Andrew Harris, a father who identifies as nonbinary, applauded the curriculum and mentioned gender id isn’t “too complicated” an idea for 6-year-olds to understand, because the petition claims.

“I do know that my 6-year-old could be the primary in line to assist” trans and nonbinary college students really feel welcome, Harris mentioned.

Superintendent Julie Hackett mentioned the district is “unapologetically dedicated” to inclusion and she or he was “heartened by the exhibiting of help” on the assembly. She mentioned the district deliberate to proceed integrating the curriculum into its broader variety, fairness, and inclusion efforts.

Hackett mentioned it was finally the district’s, not mother and father’, accountability “to develop a curriculum for all youngsters which will or could not align with a mother and father’ beliefs about how we should always do it.”

The “Critical Talks” curriculum has been in improvement at Bowman Elementary Faculty since 2010 and broadly utilized by its school since 2016, in keeping with a report ready by Hackett’s workplace. Academics on the Harrington and Estabrook elementary colleges have built-in elements of the curriculum into their school rooms, and directors are working to include elements of the curriculum districtwide, in keeping with Hackett.

The curriculum “teaches college students in regards to the variety of our world, the worth every individual brings, the best way to look critically at bias and prejudice, the best way to perceive historic and present-day examples of energy, privilege, and oppression,” in keeping with Hackett’s report.

The petition, posted July 11 by an nameless Change.org person, this week had amassed round 1,700 signatures.

It alleges that the curriculum incorporates content material inappropriate for younger kids, excludes households with “numerous ethnic, cultural, and non secular backgrounds,” and was “quietly piloted a yr in the past with out discussions with mother and father.”

Ammie Jensen, a mom with three kids in Lexington colleges, mentioned her youngest little one was “having an id disaster” after a lesson on gender norms.

Jensen mentioned the curriculum doesn’t take into account the chance that younger folks can eschew gender norms with out questioning their gender id — that ladies “might be tomboys,” as she put it.

She mentioned this system is creating “nice confusion in gender id,” which can “trigger extra of a psychological well being disaster than the pandemic and separating them from all the opposite kids would.”

The petition precisely notes that there is no such thing as a means for households to choose out of the curriculum.

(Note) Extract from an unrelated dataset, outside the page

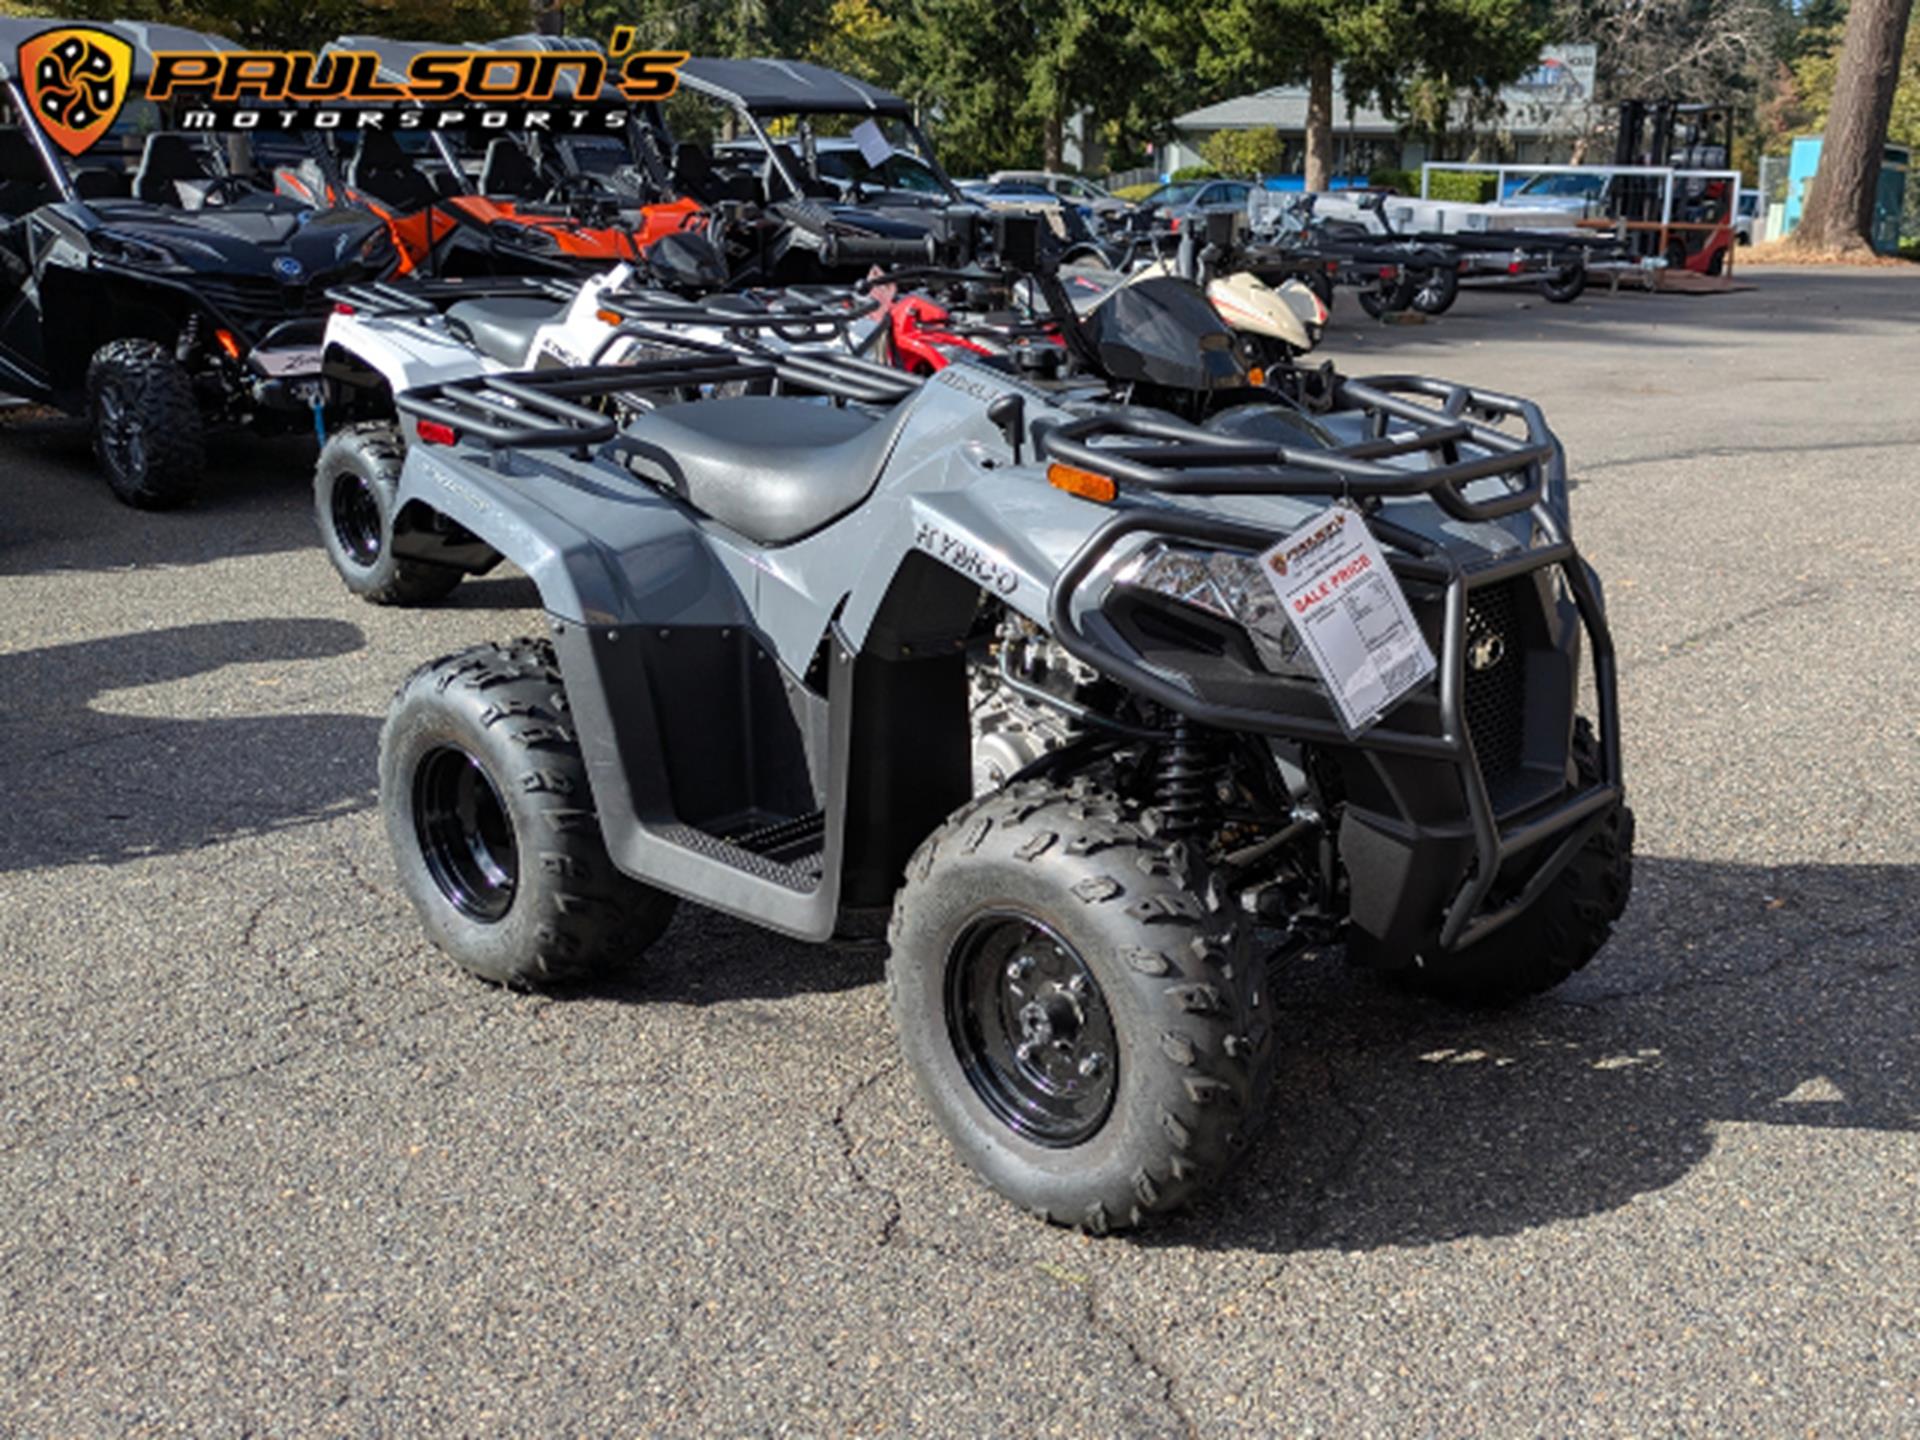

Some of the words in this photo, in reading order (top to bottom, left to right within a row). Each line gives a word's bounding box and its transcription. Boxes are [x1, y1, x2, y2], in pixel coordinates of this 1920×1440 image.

Hackett, the superintendent, mentioned in her report that the district’s dedication to variety is built-in into all its classes.

Talking on the Faculty Committee assembly, Hackett mentioned the district has all the time been clear about its use of the curriculum and emphasis on variety, fairness, and inclusion, however there’s a distinction “between transparency and settlement” with the mother or father neighborhood.

“This isn’t new, this has been round earlier than I ever acquired right here,” she mentioned.

Rina Mazor, a instructor at Lexington Excessive Faculty, mentioned she has seen the varsity’s tradition turn out to be extra accepting over her greater than 16 years working there, partly due to the district’s emphasis on variety.

“Our college students be taught to look after themselves and others, whereas celebrating their variations,” Mazor mentioned.

Shannon Davis, a mom who has had a son within the district for eight years, famous that the curriculum covers points past gender id and sexuality, together with “being a baby of immigrants, having two dads, or dwelling along with your grandparents.”

“You’ll be able to’t simply take away one part of ‘Critical Talks,’ as a result of that’s not honest,” she mentioned.

The district is at the moment working to develop and standardize its variety, fairness, and inclusion curriculum, with targets to implement 12-16 classes for pre-Okay via fifth grade college students by the 2025-2026 college yr, officers mentioned.